Improved biodiversity assessments can thus be expected using CBH, (i)
avoiding PCR steps, yet targeting a broader range of biodiversity in a
single reaction by using a comprehensive and versatile set of probes and
(ii) reconstructing long fragments for full barcode regions, allowing
reliable phylogenetic positioning and reconstruction. In recent years,
this methodology has proven to markedly improve microbial diversity
inventories with precise taxonomic affiliation at the species level
(Gasc & Peyret, 2018). CBH was also applied to recover full-length
microbial eukaryotic cDNAs in complex environmental samples (Bragalini
et al., 2014) and to directly capture long DNA fragments (Gasc &
Peyret, 2017).
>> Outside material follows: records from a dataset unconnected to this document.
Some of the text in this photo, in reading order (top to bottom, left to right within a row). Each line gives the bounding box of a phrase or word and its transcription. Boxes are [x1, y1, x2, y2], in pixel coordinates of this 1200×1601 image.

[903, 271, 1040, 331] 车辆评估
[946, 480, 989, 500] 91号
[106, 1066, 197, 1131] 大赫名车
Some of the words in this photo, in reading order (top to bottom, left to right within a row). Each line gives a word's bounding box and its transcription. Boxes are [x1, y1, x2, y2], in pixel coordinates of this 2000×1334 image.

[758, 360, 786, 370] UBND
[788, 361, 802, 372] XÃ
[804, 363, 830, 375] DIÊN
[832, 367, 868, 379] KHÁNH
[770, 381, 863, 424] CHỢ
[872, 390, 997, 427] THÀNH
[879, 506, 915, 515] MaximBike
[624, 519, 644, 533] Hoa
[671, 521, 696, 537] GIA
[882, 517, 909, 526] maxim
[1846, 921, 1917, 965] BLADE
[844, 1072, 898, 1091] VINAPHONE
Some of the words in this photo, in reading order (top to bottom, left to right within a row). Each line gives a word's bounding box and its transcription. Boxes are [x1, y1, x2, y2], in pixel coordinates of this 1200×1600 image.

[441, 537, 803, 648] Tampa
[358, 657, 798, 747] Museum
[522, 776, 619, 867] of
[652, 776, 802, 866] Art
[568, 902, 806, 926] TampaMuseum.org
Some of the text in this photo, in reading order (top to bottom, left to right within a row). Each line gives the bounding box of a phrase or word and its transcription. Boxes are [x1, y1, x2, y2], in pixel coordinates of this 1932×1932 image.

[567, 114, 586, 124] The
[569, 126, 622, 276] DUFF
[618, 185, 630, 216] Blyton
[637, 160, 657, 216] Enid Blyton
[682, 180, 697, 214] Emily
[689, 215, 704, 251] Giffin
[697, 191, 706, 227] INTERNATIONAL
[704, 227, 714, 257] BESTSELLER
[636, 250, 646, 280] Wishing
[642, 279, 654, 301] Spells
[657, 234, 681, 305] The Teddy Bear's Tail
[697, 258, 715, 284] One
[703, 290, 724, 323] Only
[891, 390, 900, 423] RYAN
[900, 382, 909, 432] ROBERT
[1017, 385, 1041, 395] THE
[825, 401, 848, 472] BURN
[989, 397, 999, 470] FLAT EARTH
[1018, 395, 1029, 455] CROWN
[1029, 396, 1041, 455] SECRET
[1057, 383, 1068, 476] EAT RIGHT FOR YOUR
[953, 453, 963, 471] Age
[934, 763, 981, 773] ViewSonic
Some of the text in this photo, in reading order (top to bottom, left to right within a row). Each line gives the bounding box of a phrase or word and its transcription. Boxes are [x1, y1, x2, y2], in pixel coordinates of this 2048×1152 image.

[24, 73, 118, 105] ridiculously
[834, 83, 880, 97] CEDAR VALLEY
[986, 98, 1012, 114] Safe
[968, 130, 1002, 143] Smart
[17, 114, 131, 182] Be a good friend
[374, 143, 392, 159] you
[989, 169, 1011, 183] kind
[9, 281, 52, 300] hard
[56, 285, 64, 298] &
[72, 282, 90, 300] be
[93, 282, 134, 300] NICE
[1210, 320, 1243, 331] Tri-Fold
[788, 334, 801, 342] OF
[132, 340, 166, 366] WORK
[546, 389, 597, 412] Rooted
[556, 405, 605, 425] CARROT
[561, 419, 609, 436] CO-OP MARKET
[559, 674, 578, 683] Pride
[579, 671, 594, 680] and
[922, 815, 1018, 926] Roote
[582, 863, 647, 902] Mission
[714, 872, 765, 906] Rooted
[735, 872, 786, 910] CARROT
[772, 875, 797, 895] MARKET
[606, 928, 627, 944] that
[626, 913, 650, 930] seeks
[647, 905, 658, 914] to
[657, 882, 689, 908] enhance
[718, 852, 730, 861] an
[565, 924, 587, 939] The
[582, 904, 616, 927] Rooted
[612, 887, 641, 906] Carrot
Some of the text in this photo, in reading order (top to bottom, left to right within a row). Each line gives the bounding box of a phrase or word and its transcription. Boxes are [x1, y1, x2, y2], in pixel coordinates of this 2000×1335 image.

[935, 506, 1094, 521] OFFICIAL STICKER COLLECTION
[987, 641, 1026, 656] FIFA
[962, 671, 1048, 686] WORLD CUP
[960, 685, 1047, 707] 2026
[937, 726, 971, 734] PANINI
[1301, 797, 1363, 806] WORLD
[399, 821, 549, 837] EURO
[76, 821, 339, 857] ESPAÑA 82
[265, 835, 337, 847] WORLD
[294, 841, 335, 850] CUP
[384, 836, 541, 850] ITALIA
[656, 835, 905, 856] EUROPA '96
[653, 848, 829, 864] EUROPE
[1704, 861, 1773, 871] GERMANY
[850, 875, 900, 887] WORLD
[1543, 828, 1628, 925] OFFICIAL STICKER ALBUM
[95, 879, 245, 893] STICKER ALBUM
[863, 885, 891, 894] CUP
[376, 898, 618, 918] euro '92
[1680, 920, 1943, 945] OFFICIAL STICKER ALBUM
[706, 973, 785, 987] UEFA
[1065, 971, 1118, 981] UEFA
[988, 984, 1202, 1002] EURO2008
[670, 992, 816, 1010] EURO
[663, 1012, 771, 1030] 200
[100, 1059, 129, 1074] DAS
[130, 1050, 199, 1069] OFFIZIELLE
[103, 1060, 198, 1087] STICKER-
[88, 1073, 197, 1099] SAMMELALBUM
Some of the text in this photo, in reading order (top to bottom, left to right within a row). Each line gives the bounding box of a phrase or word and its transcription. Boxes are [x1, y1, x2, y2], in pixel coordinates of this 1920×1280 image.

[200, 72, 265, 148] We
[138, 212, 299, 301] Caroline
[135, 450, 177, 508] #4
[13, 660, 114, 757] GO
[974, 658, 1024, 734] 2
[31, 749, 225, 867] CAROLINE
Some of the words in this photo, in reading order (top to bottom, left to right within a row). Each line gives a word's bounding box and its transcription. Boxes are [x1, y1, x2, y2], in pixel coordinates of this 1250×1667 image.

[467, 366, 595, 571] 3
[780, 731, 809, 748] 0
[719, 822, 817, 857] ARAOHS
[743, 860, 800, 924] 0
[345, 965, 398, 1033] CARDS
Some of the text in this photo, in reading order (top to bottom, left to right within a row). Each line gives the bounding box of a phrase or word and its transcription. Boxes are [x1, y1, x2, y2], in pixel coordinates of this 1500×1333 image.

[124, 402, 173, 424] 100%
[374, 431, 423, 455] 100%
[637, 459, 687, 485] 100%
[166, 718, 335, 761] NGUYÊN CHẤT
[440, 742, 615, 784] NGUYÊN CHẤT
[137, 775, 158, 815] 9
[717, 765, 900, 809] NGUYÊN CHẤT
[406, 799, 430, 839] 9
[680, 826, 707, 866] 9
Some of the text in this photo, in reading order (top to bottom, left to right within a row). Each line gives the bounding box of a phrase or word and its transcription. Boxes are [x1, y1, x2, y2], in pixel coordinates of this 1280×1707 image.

Additionally, CBH using mitochondrial barcodes for
inventories of metazoans in bulk or ethanol-preserved samples resulted
in a highly accurate census of species (Gauthier et al., 2020; Shokralla
et al., 2016), and similar results were obtained when testing the
detection of a broad range of metazoans, including mammals, from aquatic
and sediment eDNA samples (Seeber et al., 2019; Wilcox et al., 2018).
Additionally, CBH represents a promising path for phylogenetic studies,
as recently shown for butterflies (Kawahara et al., 2018).
With this study, we aimed to assess the potential of 16S and 18S rDNA
enrichment by CBH coupled with high-throughput sequencing to explore the
biodiversity of prokaryotes and eukaryotes, including metazoans, in the
deep sea (~500-2800 m depth). We analyzed eDNA samples
extracted from sediment to compare CBH with metabarcoding for the V4 16S
rDNA region and the V1-V2 18S rDNA region.